Scroll through and you'll see a quiltwork of multi-coloured containers sitting at the port of Shenzhen. A top-down shot of a humpback whale in Iceland. A verdant green football pitch in the middle of the dry Dubai desert.
Dronestagram was also the name of a project by artist James Bridle. From 2012-2015, he posted images of the landscapes of CIA drone strikes in the Middle East and Horn of Africa to Instagram, Twitter and Tumblr.
Bridle wrote: "Drones are just the latest in a long line of military technologies augmenting the process of death-dealing, but they are among the most efficient, the most distancing, the most invisible." #instagood!

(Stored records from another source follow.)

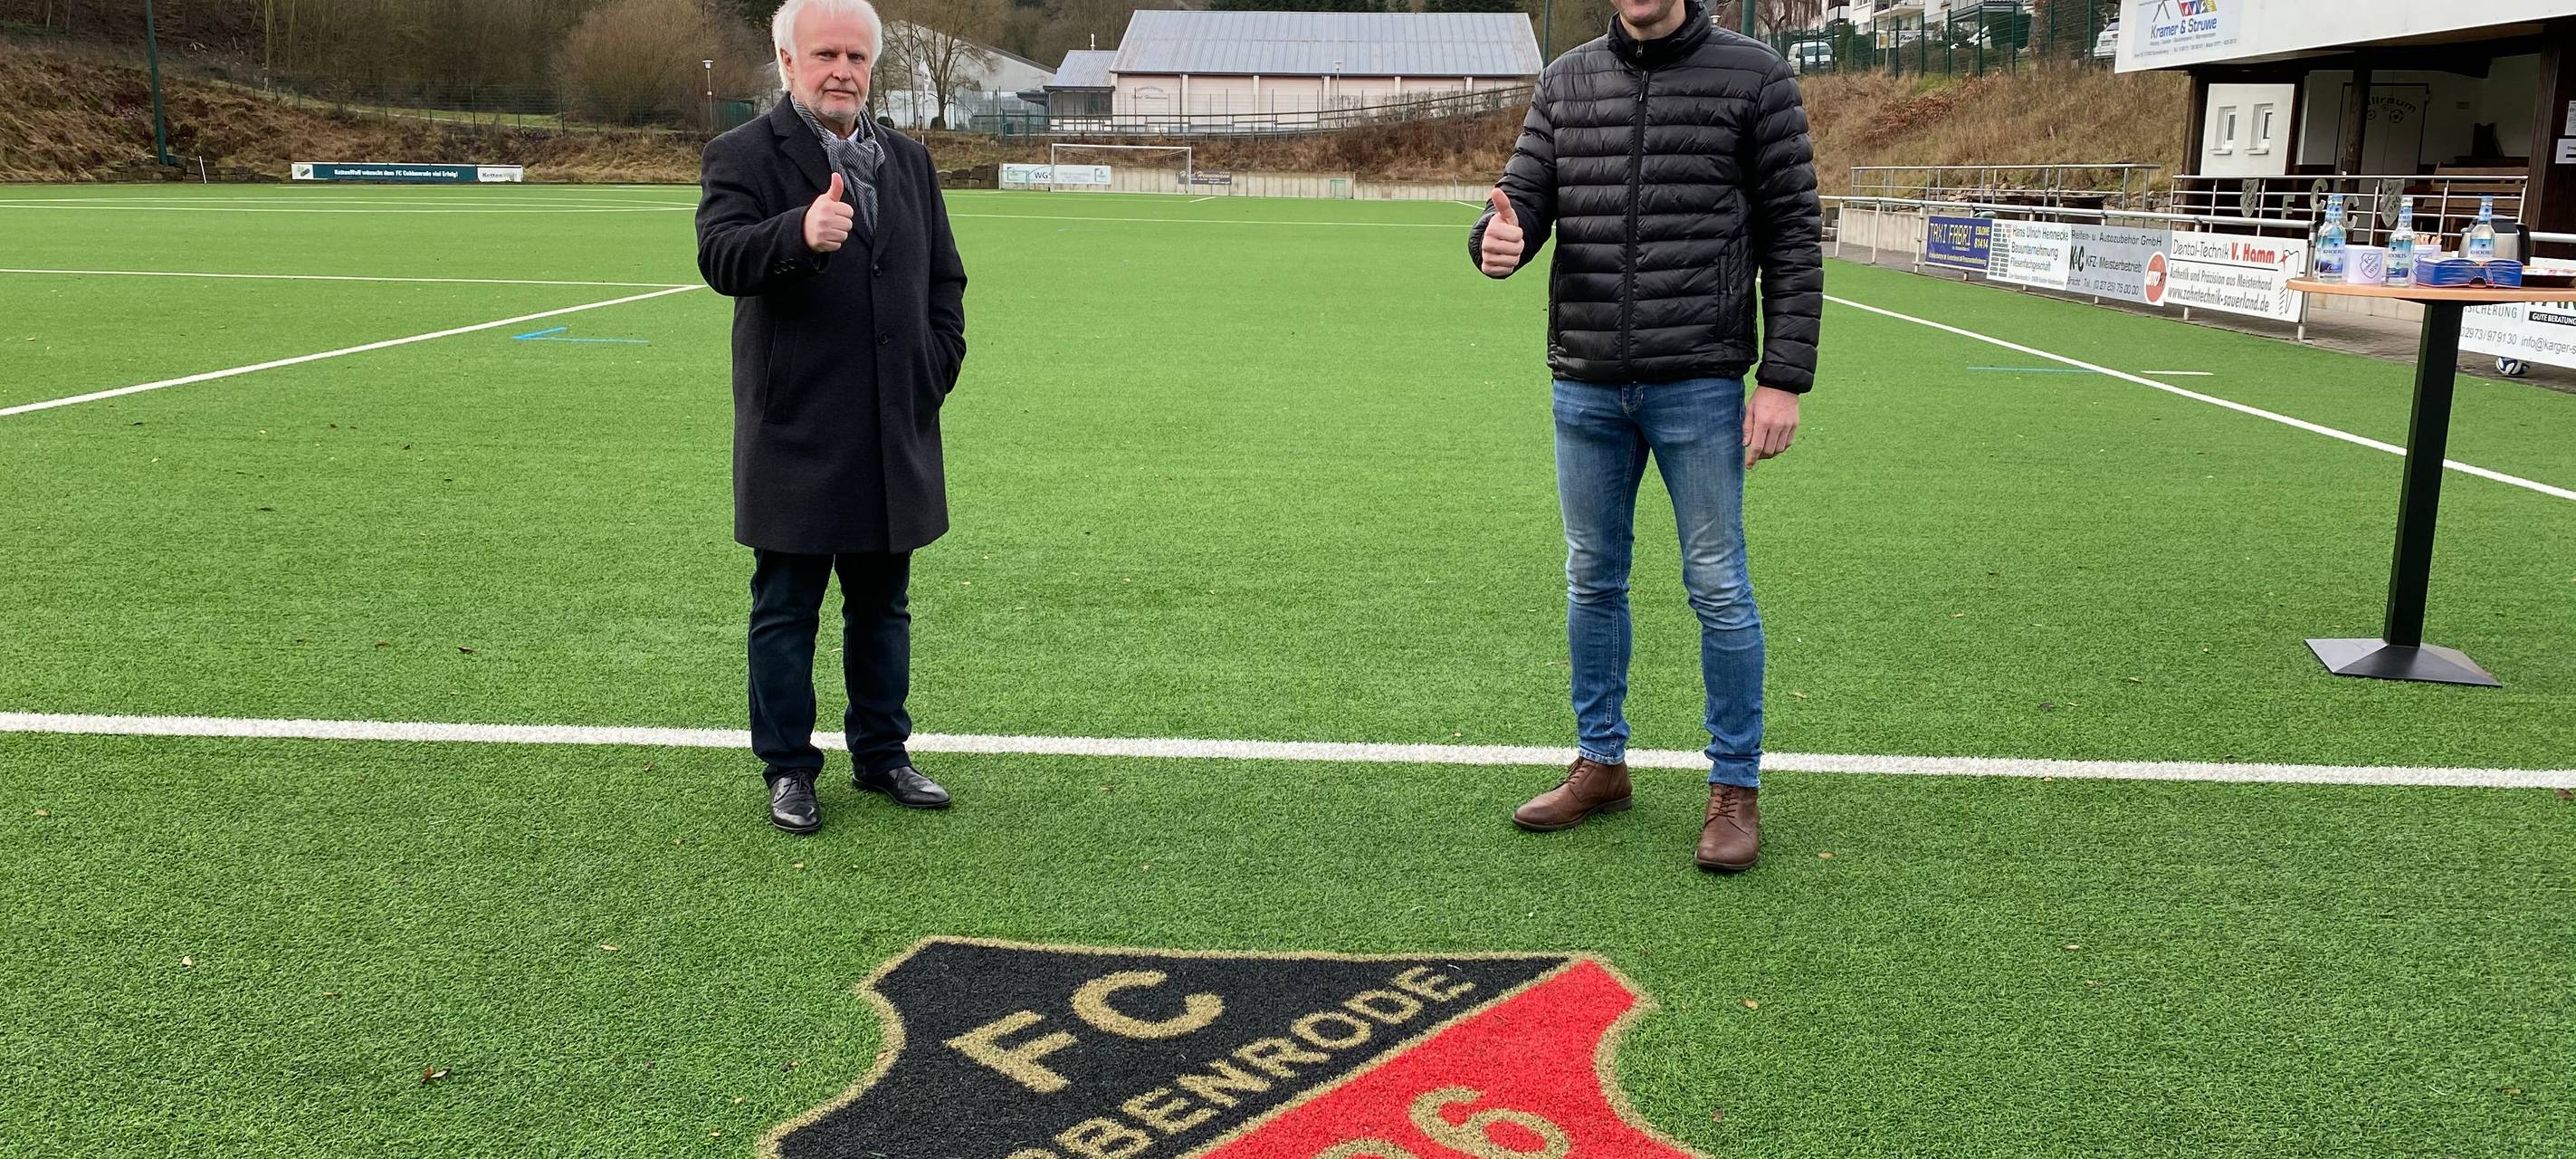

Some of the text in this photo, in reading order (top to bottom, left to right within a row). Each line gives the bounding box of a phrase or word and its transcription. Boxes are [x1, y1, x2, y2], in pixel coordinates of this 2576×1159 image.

[2151, 17, 2218, 39] Kramer & Struwe
[1930, 223, 1972, 246] TAXI FABRI
[2012, 225, 2069, 241] Hans Ulrich Hennecke
[2140, 235, 2162, 247] GmbH
[2011, 241, 2059, 261] Bauunternehmung
[2172, 239, 2275, 264] Dental-Technik V. Hamm
[2170, 263, 2273, 292] Ästhetik und Präzision aus Meisterhand
[2167, 285, 2270, 312] www.zahntechnik-sauerland.de
[2464, 304, 2518, 319] SICHERUNG
[2532, 312, 2548, 322] GUTE
[941, 969, 1226, 1093] FC
[1005, 964, 1477, 1159] BENRODE
[1310, 1085, 1572, 1159] 6

Drones contain multitudes, embodying our uncertain, contradictory attitudes to technology. UAVs have had a quick journey from the killing fields of Afghanistan in the 2000s where they still lurk, of course, to easy likes on photo sharing sites.
They are symbols for surveillance, paranoia, consumerism, creativity, imperialism and extreme sports. In it for the Insta, but also in it for the extrajudicial killings.
Like many delightful technologies, including the internet itself, UAVs were a military innovation. The first remotely piloted aircraft actually flew more than a century ago: the Automatic Airplane, was developed in the US in 1916 as an aerial torpedo. It looked like an airplane but acted more like a cruise missile.
The Afghanistan War, starting in 2001, was the UAV moment and the Predator was its posterboy.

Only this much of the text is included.